Outra forma de rede de apoio/proteção, conforme o depoimento de Carolina Maria de Jesus, foi

[...] na faculdade [...] a gente começa a conhecer muitas pessoas, conhecer muitas histórias [...] foi onde eu comecei a me questionar em relação a várias coisas, a vários tipos de preconceitos, e até preconceito meu mesmo, em relação a outras coisas. Então eu me considero em processo, eu acho que eu estou me empoderando aos poucos.

Neste último caso, é possível observar que a rede de apoio/proteção estruturou-se no ambiente universitário, lugar que, em geral, volta-se para o questionamento crítico e pela presença de uma diversidade que, progressivamente, se afirma.

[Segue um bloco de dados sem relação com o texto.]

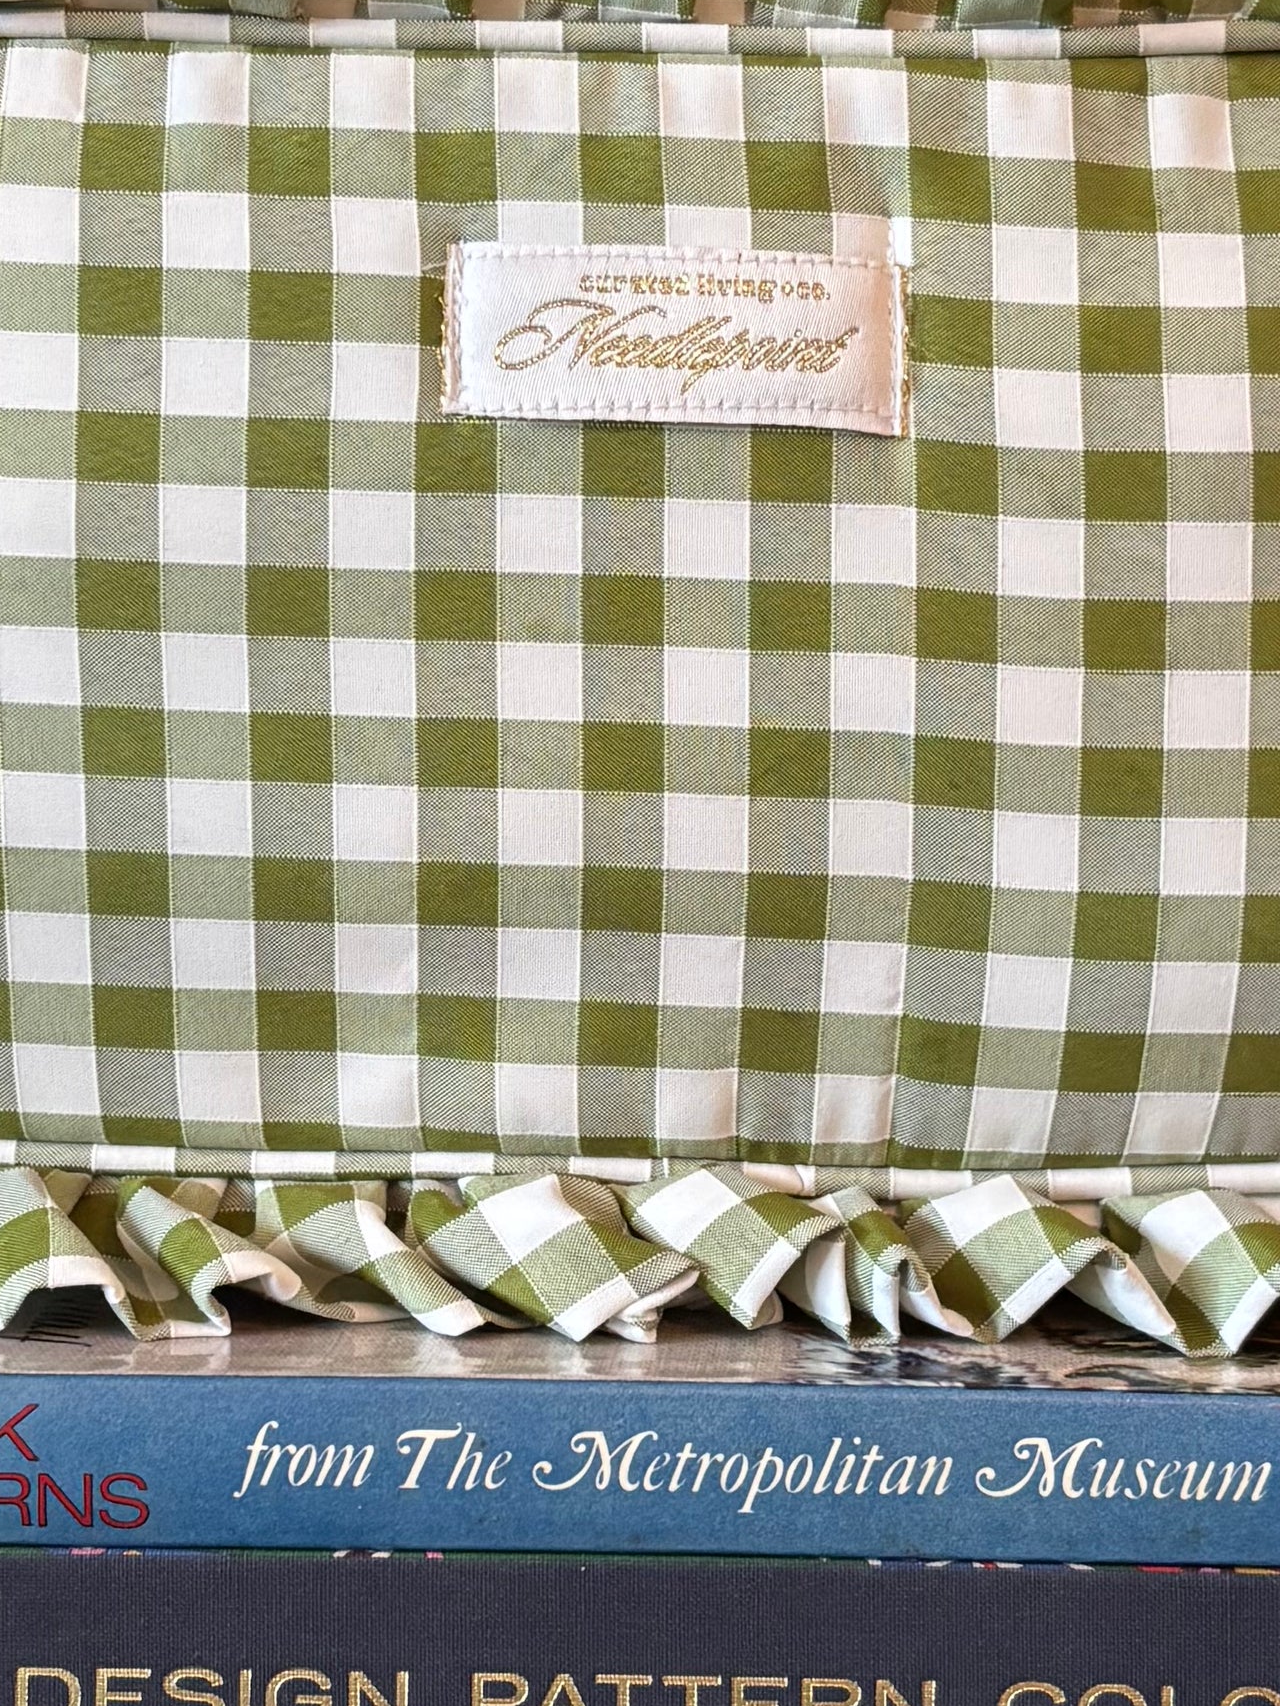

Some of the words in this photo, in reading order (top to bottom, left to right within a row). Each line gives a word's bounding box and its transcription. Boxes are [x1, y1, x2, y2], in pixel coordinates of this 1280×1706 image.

[580, 273, 690, 294] curated
[697, 273, 777, 304] living
[495, 297, 860, 396] Needlepoint
[233, 1420, 375, 1497] from
[397, 1423, 512, 1492] The
[532, 1431, 953, 1513] Metropolitan
[975, 1438, 1272, 1503] Museum

Freire e Ira Shor (1987), ao tratar do empoderamento, em Medo e Ousadia, ressaltam que essa libertação não deve acontecer apenas de um modo individual, já que assim não será o bastante para atingir a transformação social. Para eles, é preciso que a emancipação seja coletiva e transforme a percepção crítica da realidade, ajudando a todos e a todas a se libertarem.

Para Freire (2018a), este é o desafio da escola, tornar-se um ambiente que proporcione a consciência crítica, transcender seus(as) educandos(as), estendendo-se a toda a sociedade.

[...] pedagogia do oprimido: aquela que tem de ser forjada com ele e não para ele, enquanto homens ou povos, na luta incessante de resuperação de sua humanidade. Pedagogia que faça da opressão e de suas causas objeto da reflexão dos oprimidos, de que resultará o seu engajamento necessário na luta por sua libertação, em que esta pedagogia se fará e refará. (FREIRE, 2018b, p. 43, grifos do autor).

A conscientização é uma categoria de libertação que, como forma de atuação, permite que os indivíduos e coletivos desconstruam e reconstruam suas consciências críticas de uma forma indissociável do empoderamento. Para Freire (2018a, p. 56-57), esse processo de constituição de consciências é “A consciência do mundo e a consciência de si como ser inacabado necessariamente [que] inscrevem o ser consciente de sua inconclusão num permanente movimento de busca”, para a contestação das relações de poder, questionando práticas e discursos opressores.